As I turned to walk away, I heard Tom say to one of the session musicians: "What did Hugo mean by keeping it 'black pudding'?"
Quick as a flash, I quipped: "Just the old three-chord trick. Sure, it never fails."
Fr Brian D'Arcy is something of an authority on country songs of the past and, indeed, he features several of the singers on his Sunday morning show on Radio Ulster.
No better man that Fr Brian, either, to throw in a couple of tales of what life was like on the road for bands in those days!
Recording then was just like travelling - long, hard and occasionally torturous. A band could maybe spend hours that would run into days in a studio before they came up with a single with which they were satisfied.
Time changes everything, they say, and happily that is the case in the sphere of country music where the pace of change has quickened significantly.
More luxurious venues, infinitely better recording studios, a vastly superior road network and superb band equipment all serve to make life that little bit easier.
Talented producers add professional touch to recordings
In years gone by, country acts, in particular, encountered difficulty in finding recording studios in which to lay down tracks for singles and albums. It did not appear fashionable to be delving into the country music market in order to gain prominence.
But all that changed when more recording studios became available in which artists were made welcome when they came to unleash their talents.
People like Gerard Dornan, William Mawhinney, Stephen Smyth and others are making their professional expertise available to singers and musicians and this has led to a virtual avalanche of albums in more recent years.
And I must say that, furnished as I am on an ongoing basis with much of this material for playing on my Radio Ulster show, I never cease to be surprised at the quality of the recordings.
While Nashville is regarded as the home of country music, we here in Ulster are certainly doing our bit to claim a slice of fame.
In my view, the quality and content of recordings in the province stand up against anything released in Nashville.

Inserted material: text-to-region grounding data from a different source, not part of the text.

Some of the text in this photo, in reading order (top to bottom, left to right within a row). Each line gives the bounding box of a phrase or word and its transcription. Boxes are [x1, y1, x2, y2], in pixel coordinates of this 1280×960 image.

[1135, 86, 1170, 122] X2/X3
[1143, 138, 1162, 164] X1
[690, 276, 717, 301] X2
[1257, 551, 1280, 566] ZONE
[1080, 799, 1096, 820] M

Right now, people like Boxcar Brian are bringing out new albums and I predict that, in the build-up to Christmas, there will be a flood of new releases.
The popular Boxcar recently celebrated his 60th birthday on the same day that Gerard Dornan’s son Ryan marked his ninth birthday.

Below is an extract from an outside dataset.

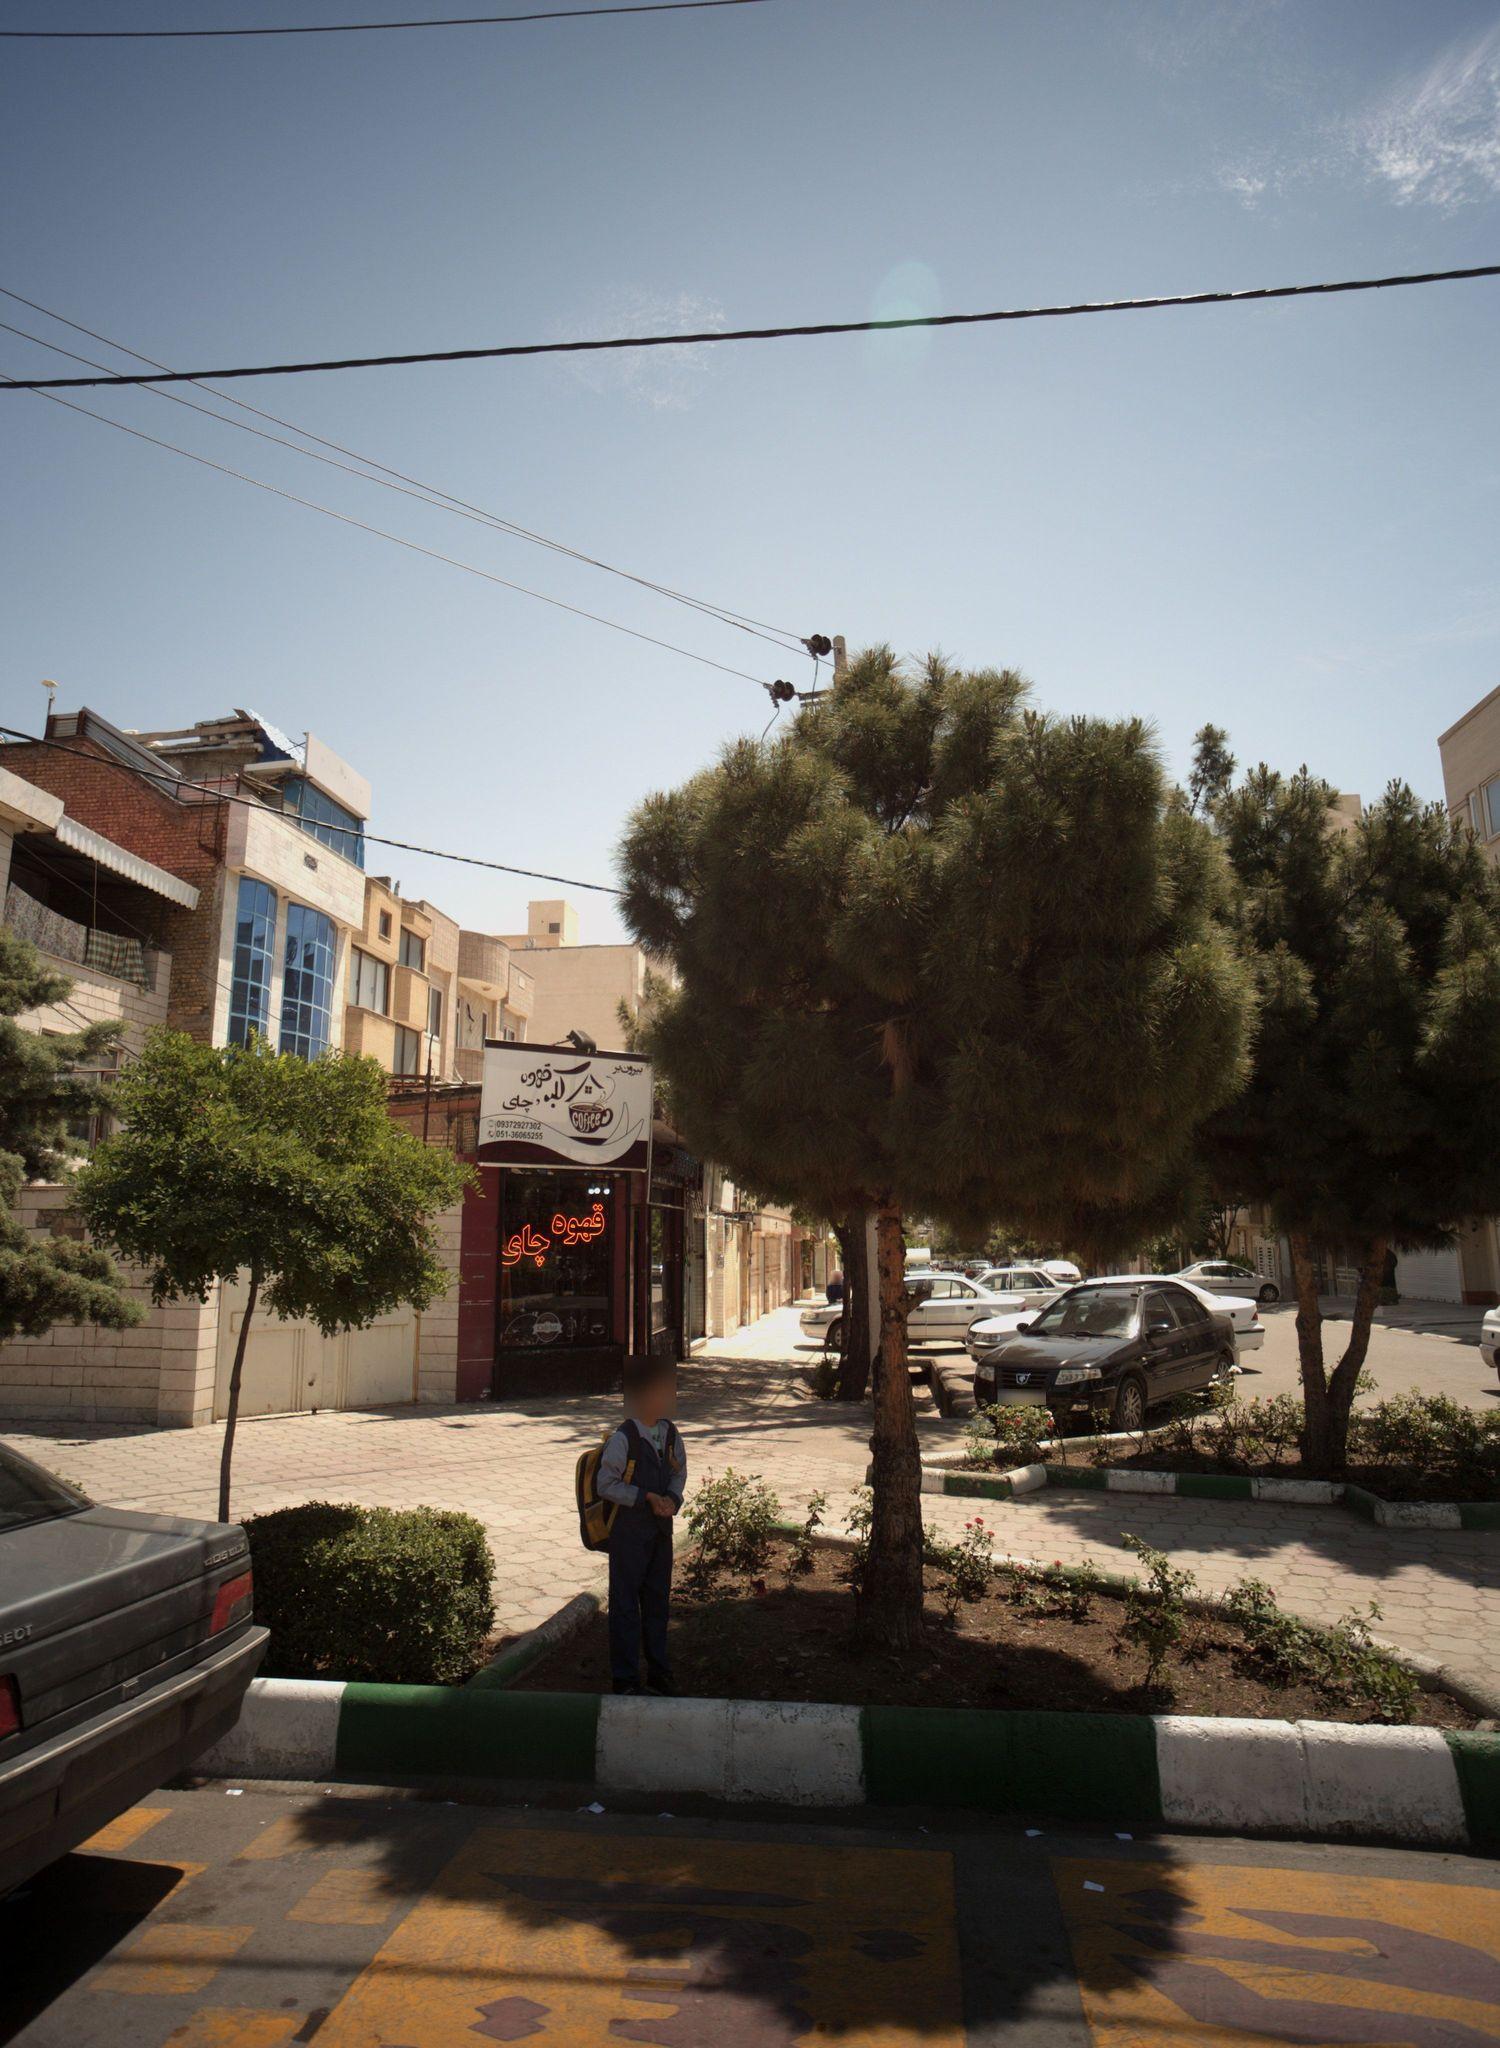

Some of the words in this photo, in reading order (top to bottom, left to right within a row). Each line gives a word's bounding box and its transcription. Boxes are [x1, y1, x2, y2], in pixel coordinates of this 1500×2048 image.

Not only is the quiet and unassuming Gerard a recording authority, but he is also part of the hugely successful Country Harmony group, which has been part of the provincial music scene for the past two decades.

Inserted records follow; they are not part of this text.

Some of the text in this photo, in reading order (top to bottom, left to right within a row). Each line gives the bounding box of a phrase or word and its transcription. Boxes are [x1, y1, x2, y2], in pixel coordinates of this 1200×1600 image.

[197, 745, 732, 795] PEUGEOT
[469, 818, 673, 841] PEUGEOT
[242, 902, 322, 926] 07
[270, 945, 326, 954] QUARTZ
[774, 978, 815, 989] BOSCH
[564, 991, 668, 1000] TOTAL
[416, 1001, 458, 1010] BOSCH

So, it’s no surprise to learn then that his son Ryan can play the piano and sing a song into the bargain.
Foster and Allen are living legends
Foster and Allen and Daniel O'Donnell are among the guests who will be joining me for a special Country Legends broadcast later in the year.
They may have been part of the fabric of the Irish entertainment scene for many years now, but Foster and Allen are still showing the same enthusiasm and commitment that they did when they were starting out.
They have just released a new album, and they will be touring later in the year.
Tony Allen's wife, Triona, hails from Lurgan, and every year they join me in performing for patients at the Royal Victoria Hospital.
Triona, of course, is a very accomplished singer, and she gained considerable status when she was performing with her own band.
Having known Foster and Allen for some considerable time, I never fail to be impressed by their attitude to the business.
They remain the most modest and unassuming duo you could ever wish to meet, both on and off the stage.
I have performed with them on numerous occasions, and found them a joy to work with.
You always get the impression that, even if no one turned up at a show, they would still enjoy playing and singing.
They have achieved considerable success in the US and Australia, where they have toured extensively, yet they remain firm favourites here in Ireland, where their distinctive music never seems to lose its appeal.
They even brought out a special song a couple of years ago to mark their 40 years spent in partnership, and you certainly get the sense that they will never tire of sharing the stage with each other.